Theo Kracke | Credit: Paul Wellman

Santa Barbara City councilmembers met in closed session this week for a collective head scratch over a big-ticket loss involving a property rights case that appears to have serious ramifications for how the city deals with sea-level rise in the years to come. Last month, Judge Thomas Anderle ruled that the City Council’s refusal to allow Thomas Felkay to build the three-bedroom home he proposed for blufftop property he bought on Camino de la Luz in 2006 constituted a “taking” for which he must be compensated. 

City Hall denied Felkay the necessary permits, citing a 1978 mudslide that destroyed the house not just on the property itself, but also on the property next door. Two years ago, Felkay sued, claiming he was denied any economic use of his property. City Hall countered he could still use the property “to picnic, swim, camp in a tent or live in movable trailer.” Even with the mudslide-induced restrictions, city planners asserted, Felkay could still develop 276 square feet of his property. 

In a 35-page ruling, Anderle made clear he didn’t buy the city’s position. Felkay, he ruled, had “lost all economically productive or beneficial use of the property.” Still to be determined is how much that property is worth. Felkay — who specializes in buying and developing environmentally challenging properties — testified he spent $850,000 to buy the land in 2006 and another $1.5 million trying to get the necessary city approvals. That does not include his attorney’s fees, for which City Hall will be liable.

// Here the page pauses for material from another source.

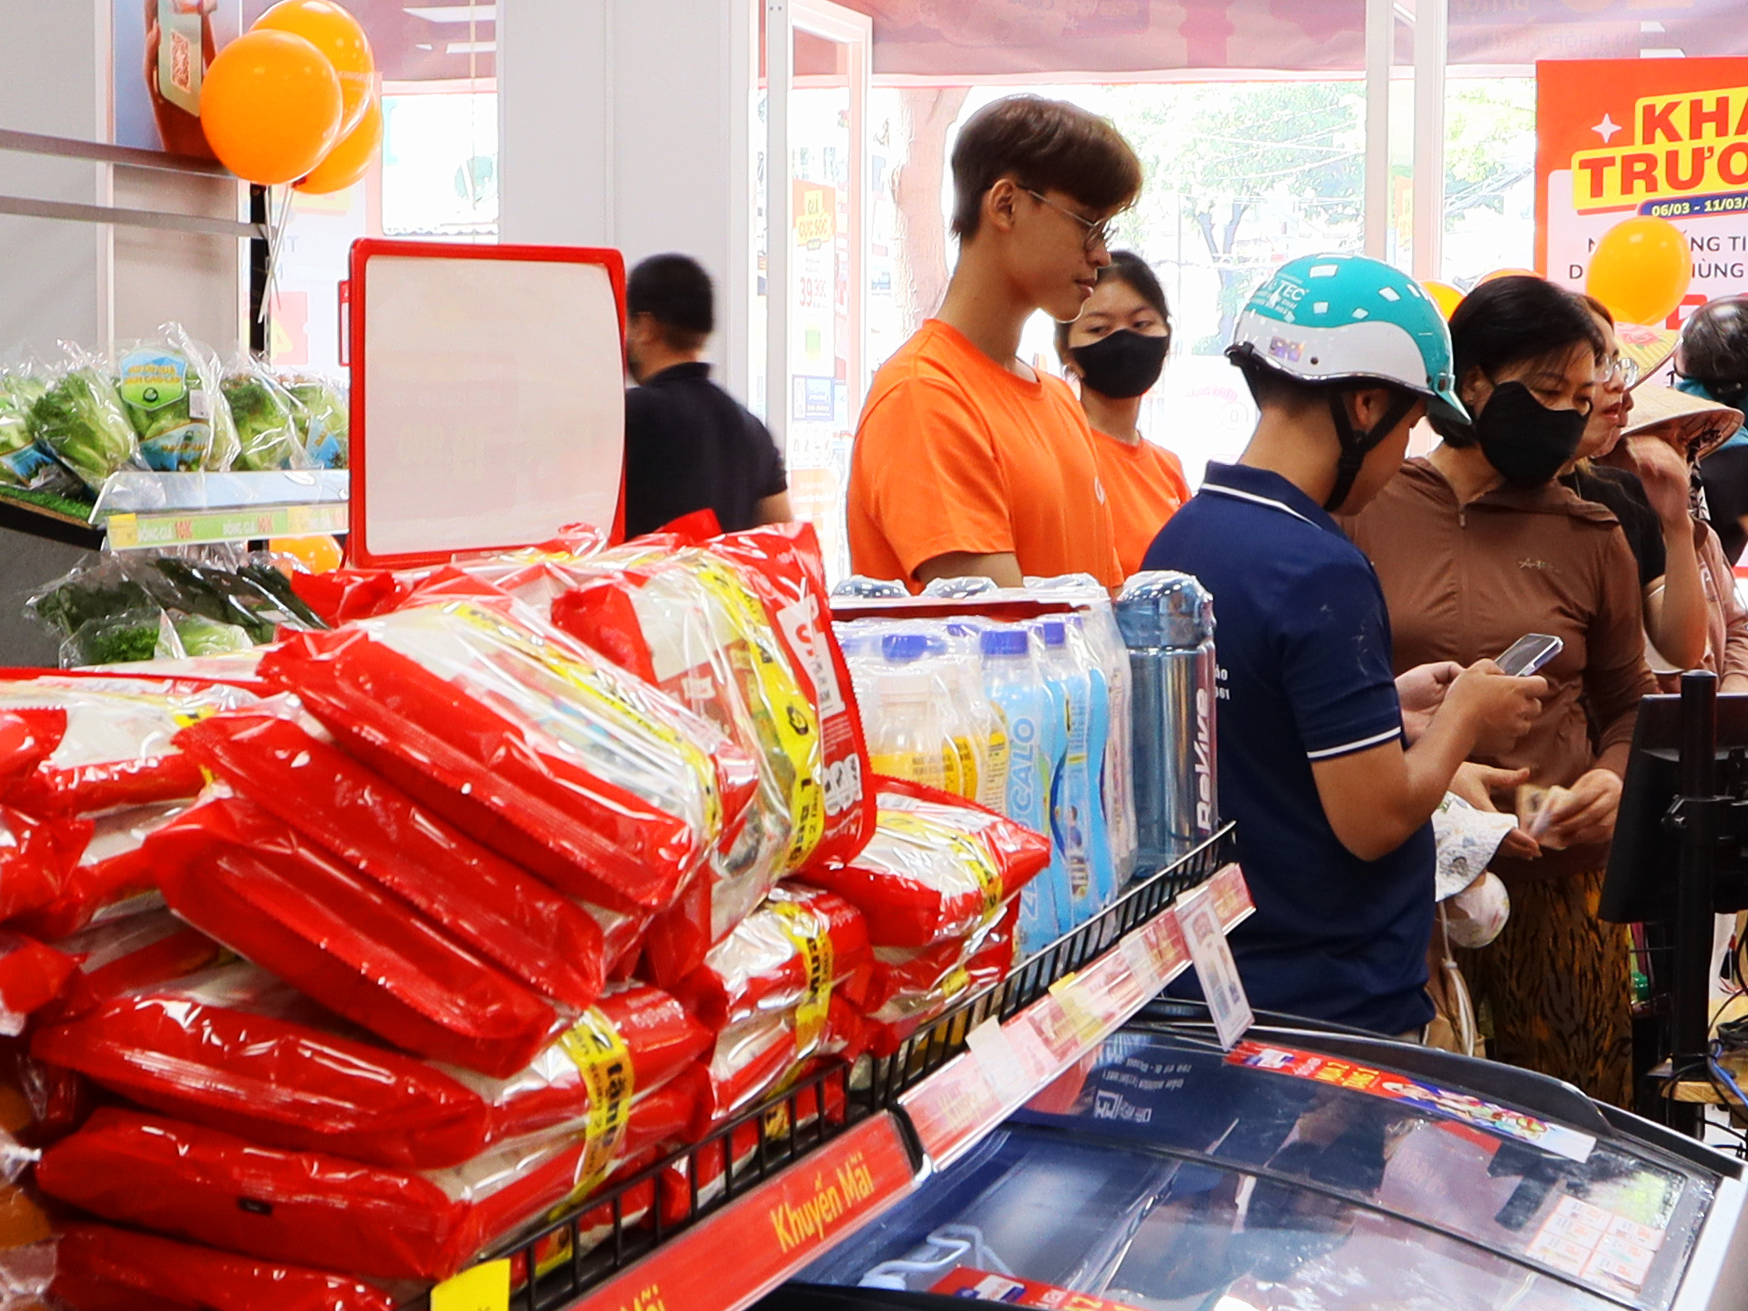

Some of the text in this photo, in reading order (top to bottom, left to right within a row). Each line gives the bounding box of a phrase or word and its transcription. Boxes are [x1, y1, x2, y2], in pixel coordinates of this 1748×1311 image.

Calonne estimated those costs would likely run into “the seven figures.”

Whether the council opts to appeal has yet to be seen. “We face a Hobson’s choice,” said City Attorney Ariel Calonne, explaining that City Hall finds itself caught between contradictory requirements imposed by the California Coastal Act and the U.S. Constitution. The Coastal Act, he said, requires cities to prevent development from occurring on topography not safe or suitable for such development, but the Constitution requires property owners to be compensated. Reconciling these two for “the thousands of situations” he anticipates City Hall will encounter as a result of sea-level rise, Calonne said, “could prove to be a very expensive proposition.”

In another significant courtroom loss — this one involving City Hall’s ability to initiate enforcement actions against unpermitted vacation rentals — the council authorized the expenditure of $75,000 to hire outside legal counsel to wage a legal appeal. Earlier this year, vacation rental operator Theo Kracke — who argued City Hall needed a coastal development permit to launch proactive enforcement actions against vacation rentals in the city’s coastal zone — won a major legal victory. 

The courts found that City Hall could initiate enforcement actions against unpermitted vacation rentals, but only upon complaint. Four years ago, the City Council unanimously passed an outright citywide ban against vacation rentals except in very specific areas. City Attorney Calonne had launched a proactive enforcement campaign, seeking out possible violators on the social media sites where they advertise and taking legal action. 

Kracke, a major operator, fell within Calonne’s legal crosshairs and fought back. He argued the city’s policy was at odds with the California Coastal Commission’s policy that the coast be made economically accessible to visitors of all income levels, not just those who can afford waterfront hotels and motels. The council’s more proactive enforcement strategy, he maintained qualified as a “project,” and as such, needed the blessing of the Coastal Commission.